Jean Mabire (8 February 1927—29 March 2006) was a French journalist and essayist. A neo-pagan and nordicist, Mabire is known for the regionalist and euronationalist ideas that he developed in both Europe-Action and GRECE, as well as his controversial books on the Waffen-SS.

Biography

Early life 
Jean Pol Yves Jacques Mabire was born in Paris on 8 February 1927, to a bourgeois family originally from Vire, Normandy. He attended the Collège Stanislas, where he earned a baccalauréat in literature and philosophy.

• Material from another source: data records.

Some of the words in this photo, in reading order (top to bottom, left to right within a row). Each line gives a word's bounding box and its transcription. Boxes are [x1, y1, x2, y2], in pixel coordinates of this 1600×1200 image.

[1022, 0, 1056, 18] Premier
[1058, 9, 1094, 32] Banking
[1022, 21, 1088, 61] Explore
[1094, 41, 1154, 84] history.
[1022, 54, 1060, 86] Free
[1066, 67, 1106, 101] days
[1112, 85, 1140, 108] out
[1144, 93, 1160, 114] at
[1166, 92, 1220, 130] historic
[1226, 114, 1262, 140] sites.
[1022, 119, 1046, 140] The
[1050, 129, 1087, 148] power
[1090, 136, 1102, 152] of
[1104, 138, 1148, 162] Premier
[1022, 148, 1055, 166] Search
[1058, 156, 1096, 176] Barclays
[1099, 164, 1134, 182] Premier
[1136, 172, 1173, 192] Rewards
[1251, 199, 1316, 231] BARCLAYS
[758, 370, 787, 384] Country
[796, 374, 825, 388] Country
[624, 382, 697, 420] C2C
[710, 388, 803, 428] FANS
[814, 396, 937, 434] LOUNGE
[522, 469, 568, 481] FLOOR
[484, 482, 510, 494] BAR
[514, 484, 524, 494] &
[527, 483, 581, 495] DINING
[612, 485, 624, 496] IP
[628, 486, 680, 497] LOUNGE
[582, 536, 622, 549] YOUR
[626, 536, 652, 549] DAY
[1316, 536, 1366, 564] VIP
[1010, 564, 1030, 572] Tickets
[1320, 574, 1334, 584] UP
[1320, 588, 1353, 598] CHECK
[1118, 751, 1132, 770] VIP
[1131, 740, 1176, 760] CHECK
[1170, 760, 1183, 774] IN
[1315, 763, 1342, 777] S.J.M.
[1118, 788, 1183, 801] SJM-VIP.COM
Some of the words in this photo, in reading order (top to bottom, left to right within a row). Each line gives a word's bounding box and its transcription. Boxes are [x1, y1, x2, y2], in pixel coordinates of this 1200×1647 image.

In 1949, at the age of 22, Mabire created the regionalist magazine Viking and in 1951 left Paris to settle in Cherbourg, Normandy, where he founded a graphic arts workshop. Mabire wrote the majority of the 162 articles published by the magazine until its end in 1958. Viking had 300 to 400 subscribers and the most popular issues sold around 1,000 copies. He regarded the Normans as part of the "Nordic race" and his magazine gave a great importance to Scandinavian cultures and Viking history.

Political activism 
In 1958, Mabire was sent as a reserved soldier to North Africa during the Algerian War (1954–62). Between 1963 and 1965, he wrote articles in Philippe Héduy's L'Esprit public, and was a contributor in Cahiers universitaires, the magazine of the Federation of Nationalist Students (FEN). In 1965, he was part of the grassroots committees of far-right presidential candidate Jean-Louis Tixier-Vignancour, and wrote in January a book to explain his endorsement.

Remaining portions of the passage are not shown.